__EXERCISE REQUIREMENTS__.
Repeat the records below verbatim and include no pictures.

(Dataset entries)
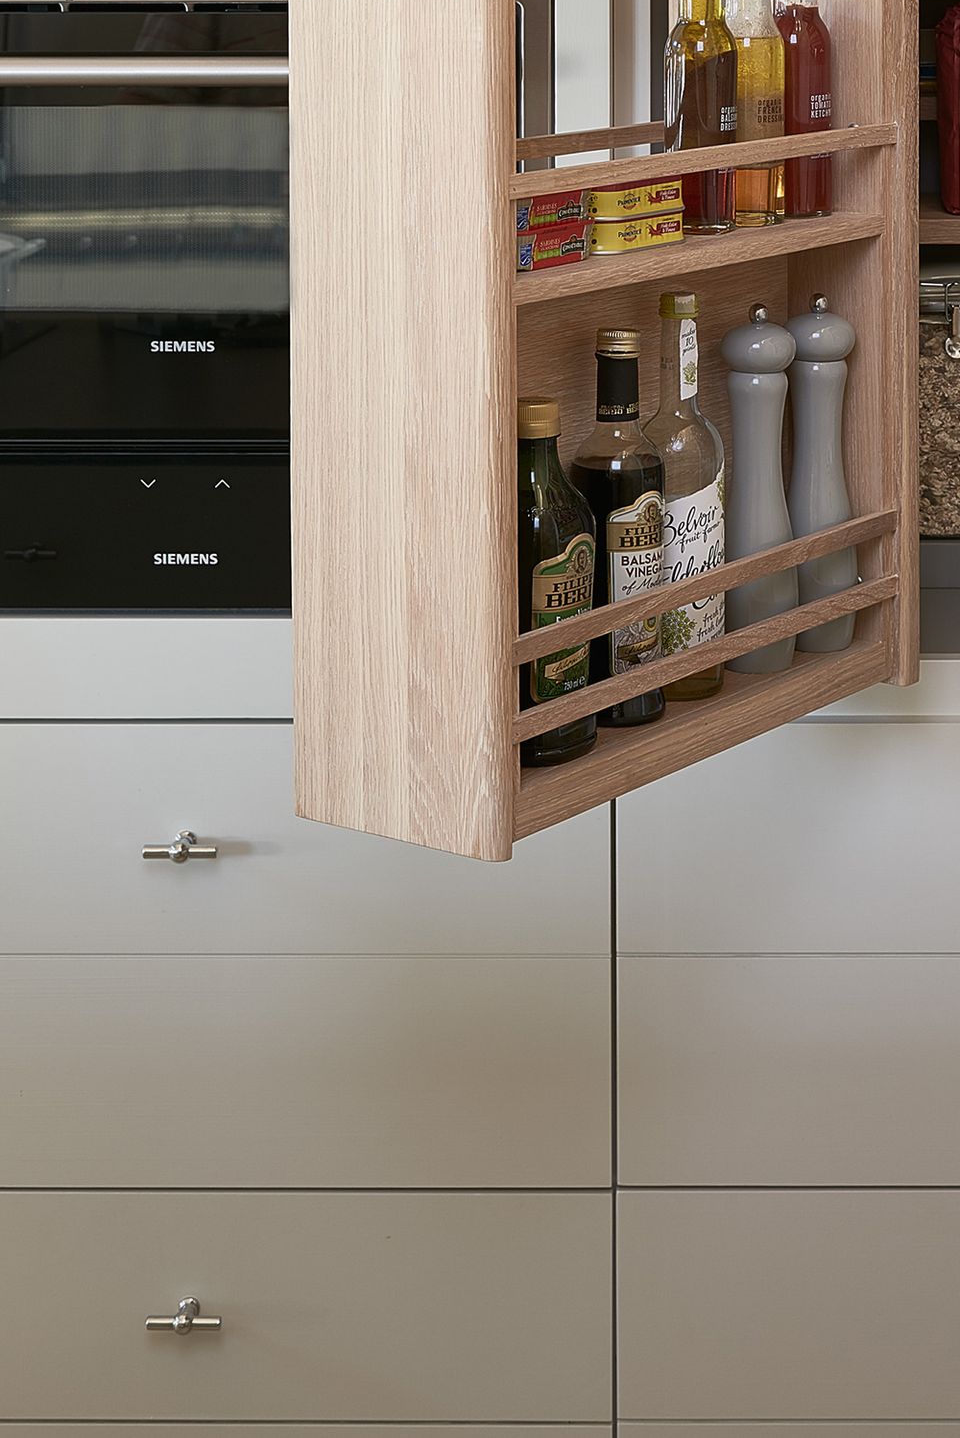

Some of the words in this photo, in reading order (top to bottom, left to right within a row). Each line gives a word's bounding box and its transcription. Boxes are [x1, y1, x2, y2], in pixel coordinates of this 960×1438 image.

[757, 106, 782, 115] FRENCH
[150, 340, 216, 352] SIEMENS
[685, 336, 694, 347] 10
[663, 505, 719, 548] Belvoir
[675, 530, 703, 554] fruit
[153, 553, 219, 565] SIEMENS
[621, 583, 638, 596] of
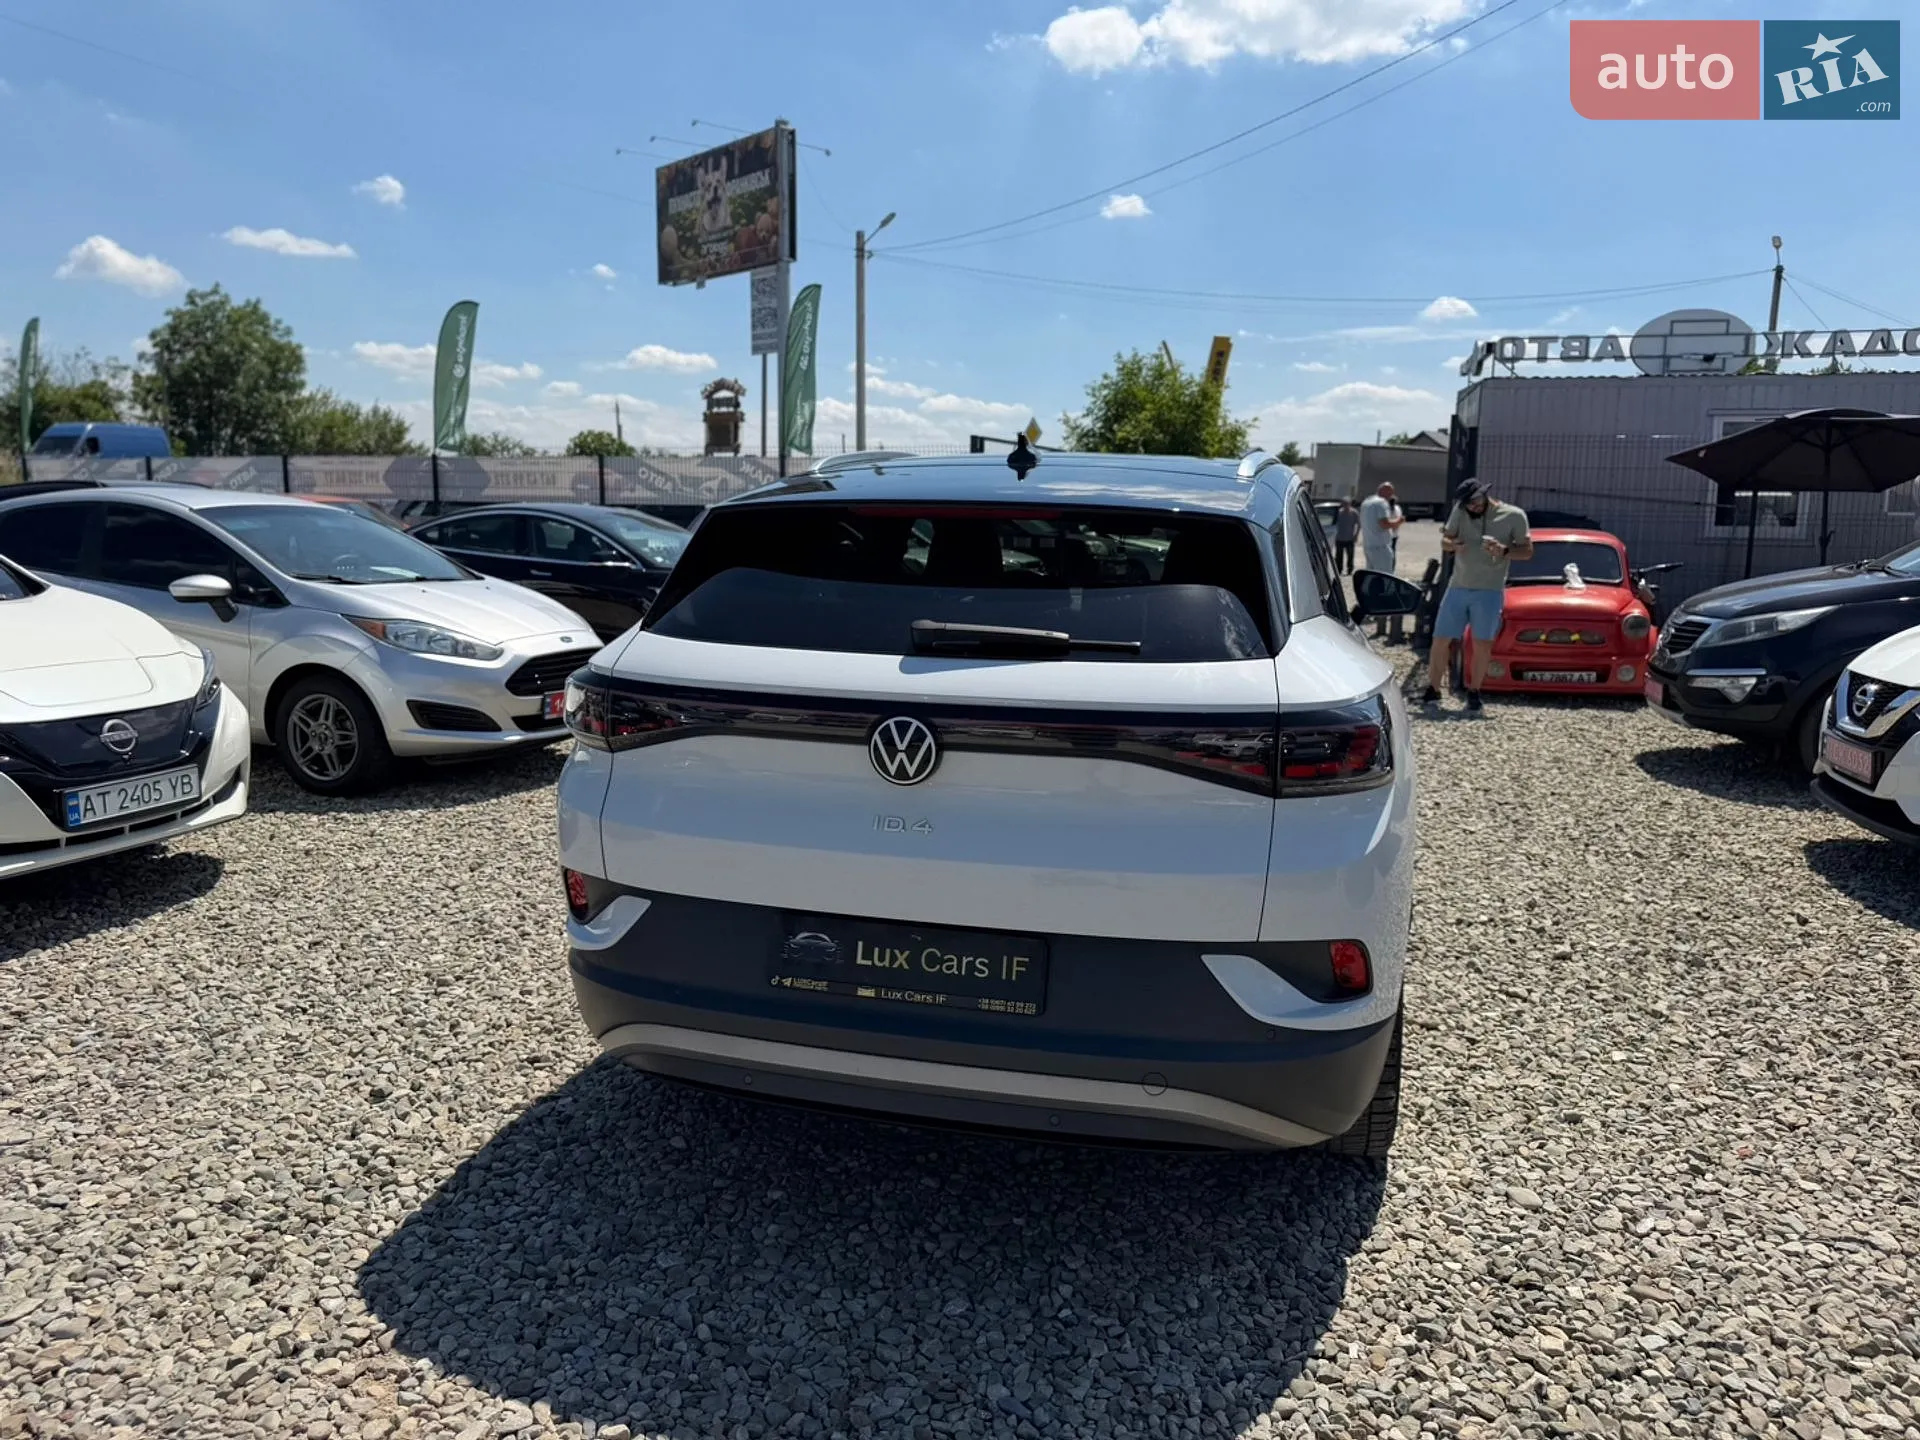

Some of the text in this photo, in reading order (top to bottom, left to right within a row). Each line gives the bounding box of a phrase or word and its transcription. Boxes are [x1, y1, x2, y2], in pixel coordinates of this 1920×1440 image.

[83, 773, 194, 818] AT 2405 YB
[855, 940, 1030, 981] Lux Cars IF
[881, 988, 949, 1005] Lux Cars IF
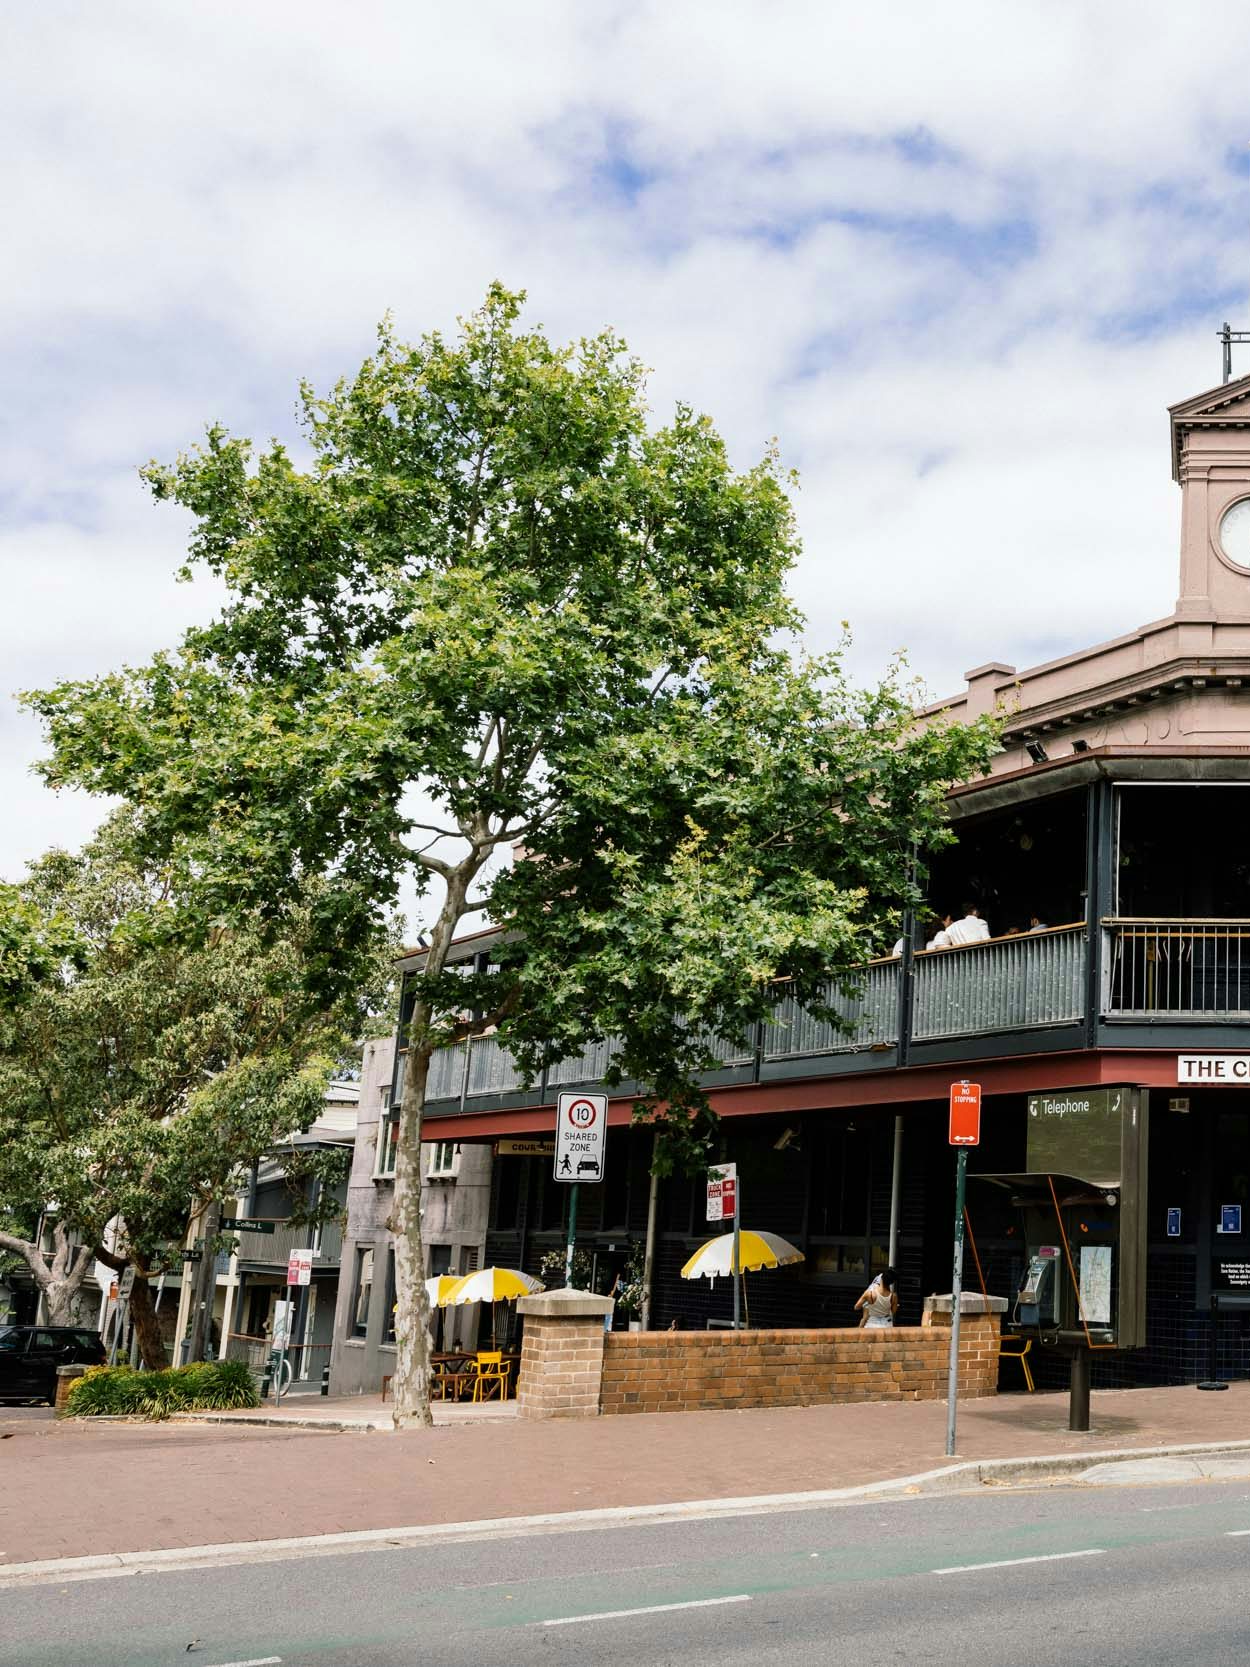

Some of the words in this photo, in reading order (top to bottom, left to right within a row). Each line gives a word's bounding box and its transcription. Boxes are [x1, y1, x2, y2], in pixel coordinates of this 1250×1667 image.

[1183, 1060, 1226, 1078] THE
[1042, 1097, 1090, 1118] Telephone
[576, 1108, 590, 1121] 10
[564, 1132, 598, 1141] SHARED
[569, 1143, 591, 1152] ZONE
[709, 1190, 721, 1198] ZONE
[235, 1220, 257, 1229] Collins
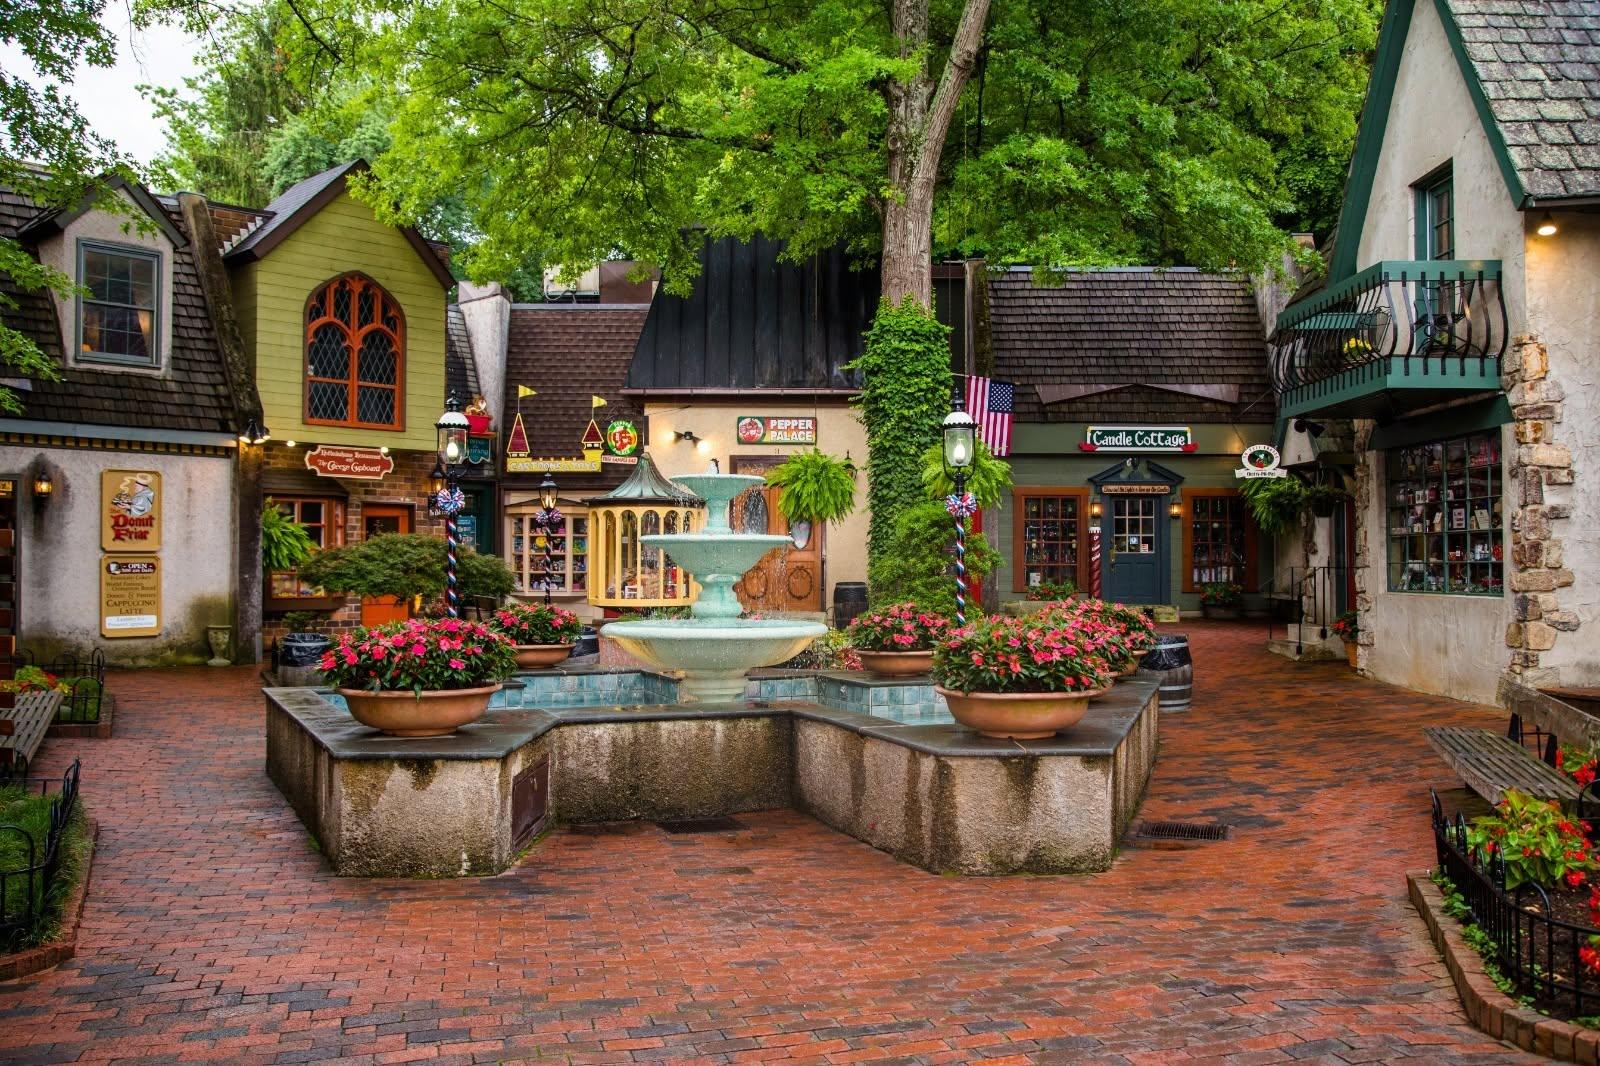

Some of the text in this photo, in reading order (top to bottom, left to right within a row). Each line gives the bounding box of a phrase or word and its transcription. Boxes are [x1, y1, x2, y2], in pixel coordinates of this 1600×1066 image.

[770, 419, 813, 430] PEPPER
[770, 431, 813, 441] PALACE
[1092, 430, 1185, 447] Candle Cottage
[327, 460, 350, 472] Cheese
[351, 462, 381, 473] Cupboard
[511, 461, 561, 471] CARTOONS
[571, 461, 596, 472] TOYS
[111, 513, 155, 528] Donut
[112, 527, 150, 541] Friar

__RESPONSE TO THIS TASK__.
Some of the words in this photo, in reading order (top to bottom, left to right within a row). Each line gives a word's bounding box and its transcription. Boxes are [x1, y1, x2, y2], in pixel coordinates of this 960×1438 image.

[757, 106, 782, 115] FRENCH
[150, 340, 216, 352] SIEMENS
[685, 336, 694, 347] 10
[663, 505, 719, 548] Belvoir
[675, 530, 703, 554] fruit
[153, 553, 219, 565] SIEMENS
[621, 583, 638, 596] of

Some of the text in this photo, in reading order (top to bottom, left to right within a row). Each line gives the bounding box of a phrase or word and its transcription. Boxes are [x1, y1, x2, y2], in pixel coordinates of this 1920×1440 image.

[83, 773, 194, 818] AT 2405 YB
[855, 940, 1030, 981] Lux Cars IF
[881, 988, 949, 1005] Lux Cars IF

Some of the words in this photo, in reading order (top to bottom, left to right within a row). Each line gives a word's bounding box and its transcription. Boxes are [x1, y1, x2, y2], in pixel coordinates of this 1250×1667 image.

[1183, 1060, 1226, 1078] THE
[1042, 1097, 1090, 1118] Telephone
[576, 1108, 590, 1121] 10
[564, 1132, 598, 1141] SHARED
[569, 1143, 591, 1152] ZONE
[709, 1190, 721, 1198] ZONE
[235, 1220, 257, 1229] Collins

Some of the text in this photo, in reading order (top to bottom, left to right within a row). Each line gives the bounding box of a phrase or word and its transcription. Boxes are [x1, y1, x2, y2], in pixel coordinates of this 1600×1066 image.

[770, 419, 813, 430] PEPPER
[770, 431, 813, 441] PALACE
[1092, 430, 1185, 447] Candle Cottage
[327, 460, 350, 472] Cheese
[351, 462, 381, 473] Cupboard
[511, 461, 561, 471] CARTOONS
[571, 461, 596, 472] TOYS
[111, 513, 155, 528] Donut
[112, 527, 150, 541] Friar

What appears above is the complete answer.